WORK TO BE COMPLETED → Each entry should be returned exactly as written, with no pictures carried over.

DATA TO PROCESS →
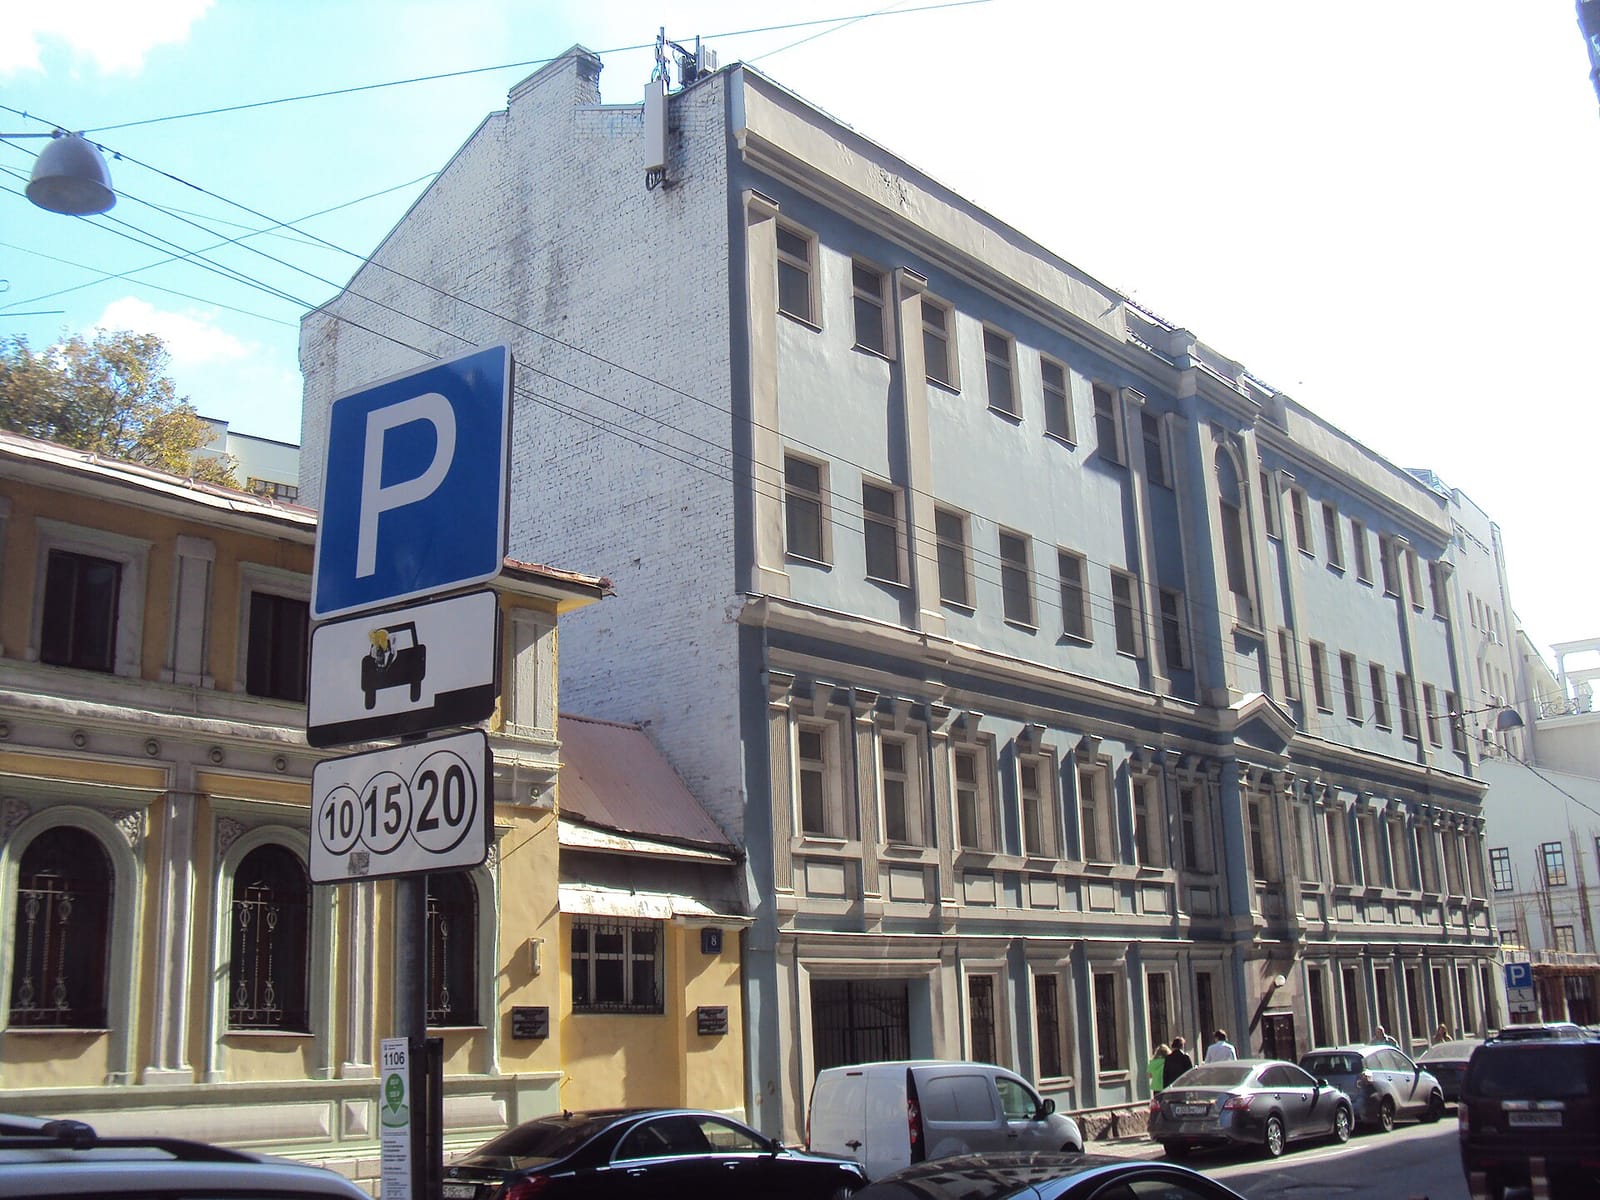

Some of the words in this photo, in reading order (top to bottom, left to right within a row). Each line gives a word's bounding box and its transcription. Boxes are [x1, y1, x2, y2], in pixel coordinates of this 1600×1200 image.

[355, 392, 457, 579] P
[325, 799, 354, 840] 10
[364, 785, 402, 837] 15
[416, 764, 466, 833] 20
[711, 935, 717, 946] 8
[1510, 965, 1525, 986] P
[384, 1051, 405, 1066] 1106
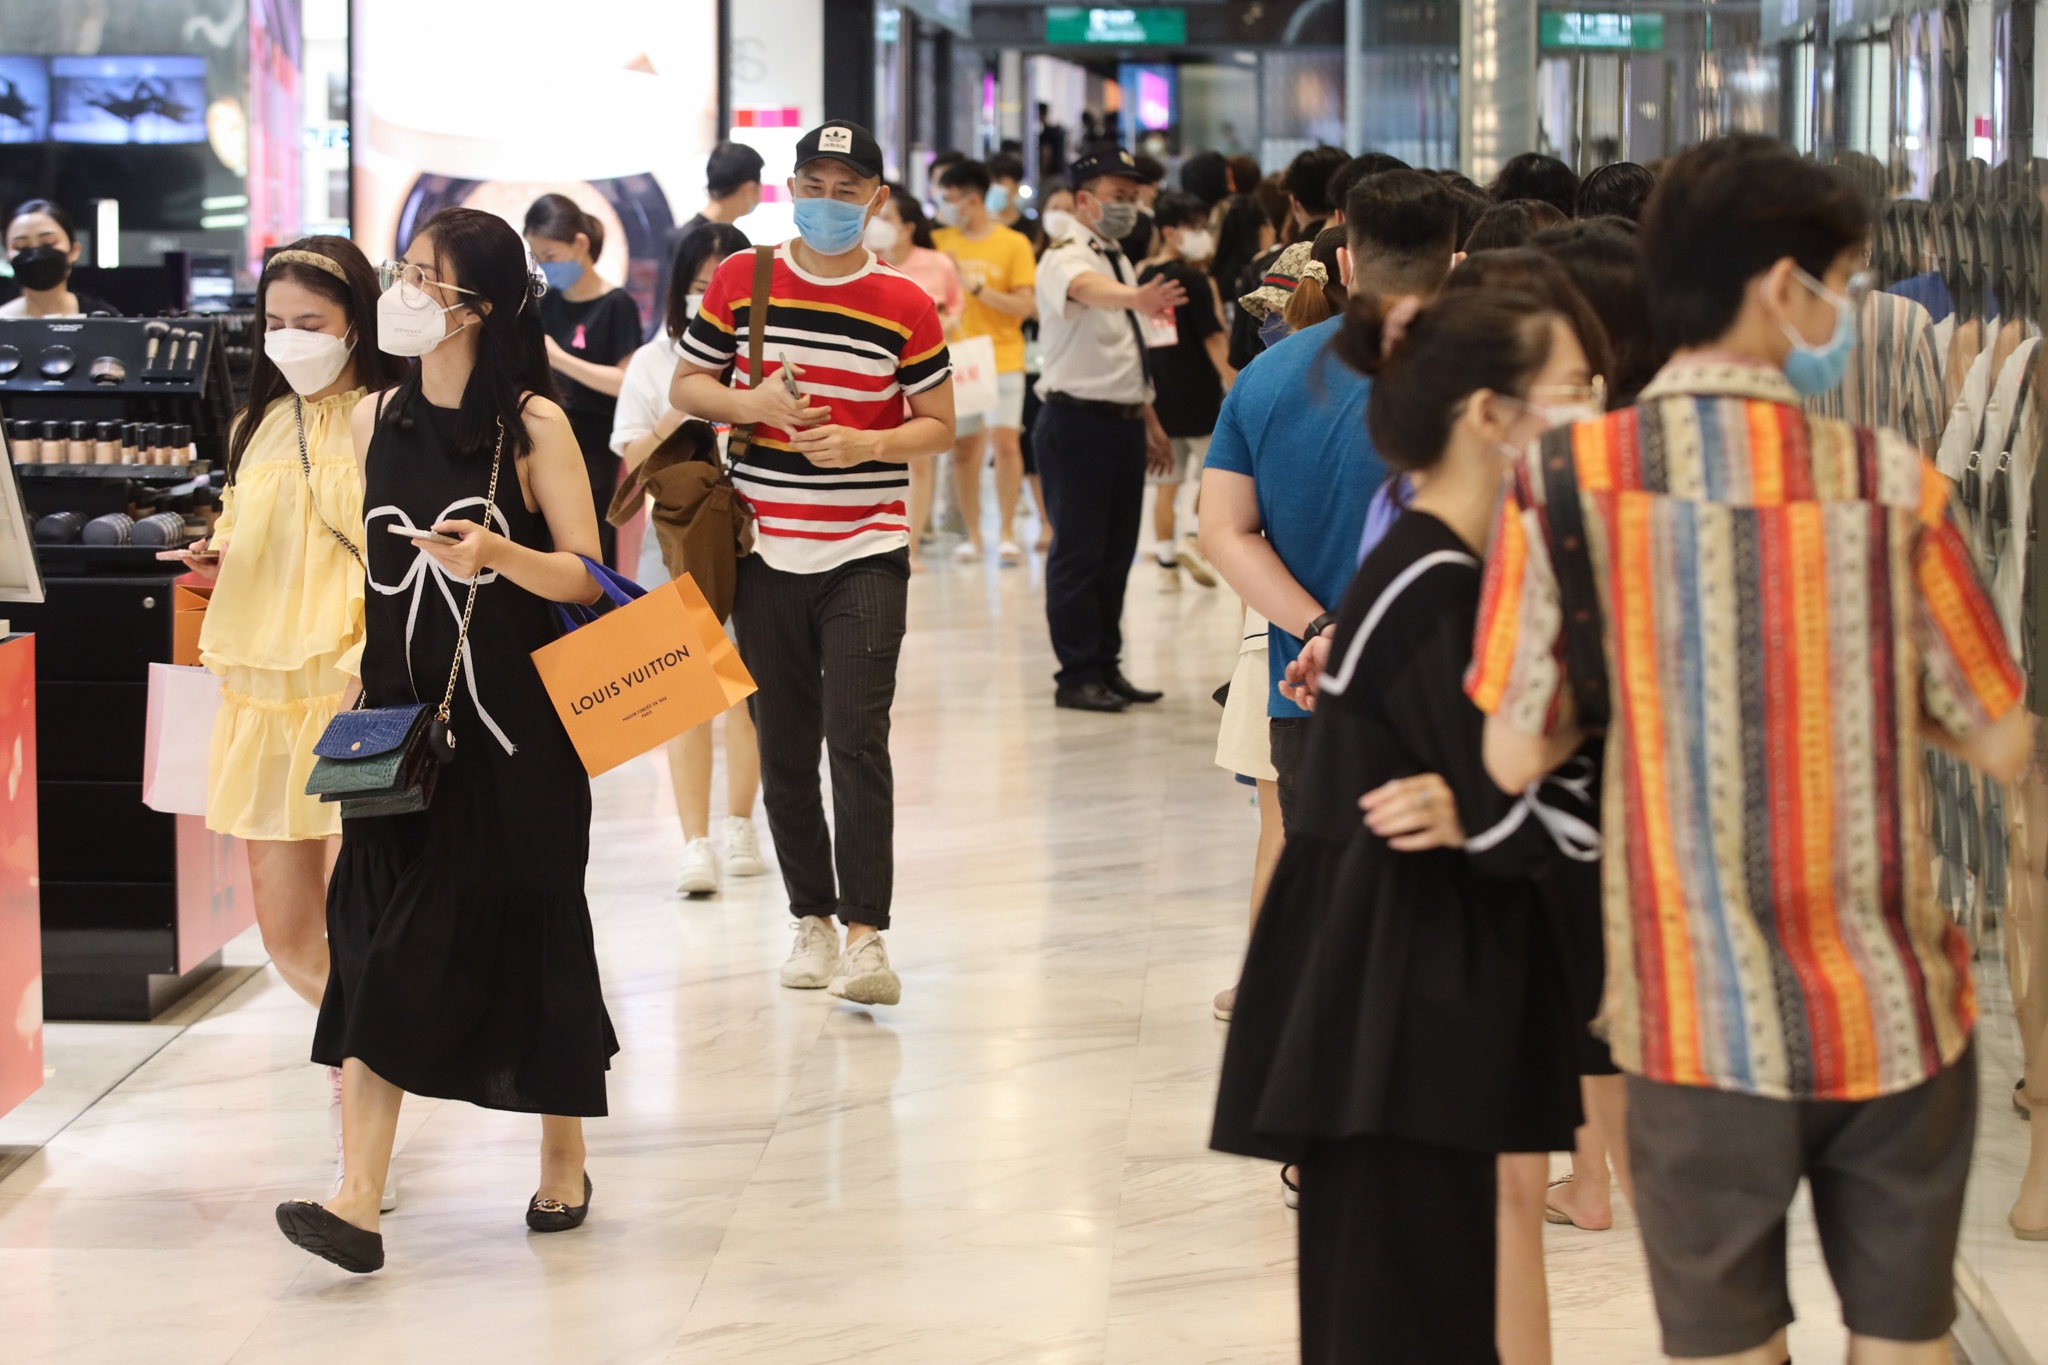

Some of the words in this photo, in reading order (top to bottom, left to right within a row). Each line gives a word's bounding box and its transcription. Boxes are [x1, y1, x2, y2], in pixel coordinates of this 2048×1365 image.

ANSWER BOX →
Some of the words in this photo, in reading order (top to bottom, left to right within a row). Each line gives a word's bounding box and its transcription. Boxes are [x1, y1, x2, y2], in pixel coordinates of this 1600×1200 image.

[355, 392, 457, 579] P
[325, 799, 354, 840] 10
[364, 785, 402, 837] 15
[416, 764, 466, 833] 20
[711, 935, 717, 946] 8
[1510, 965, 1525, 986] P
[384, 1051, 405, 1066] 1106

Some of the words in this photo, in reading order (top to bottom, left to right within a row). Each line gives a word's bounding box and its transcription. Boxes are [x1, y1, x2, y2], in pixel coordinates of this 2048×1365 image.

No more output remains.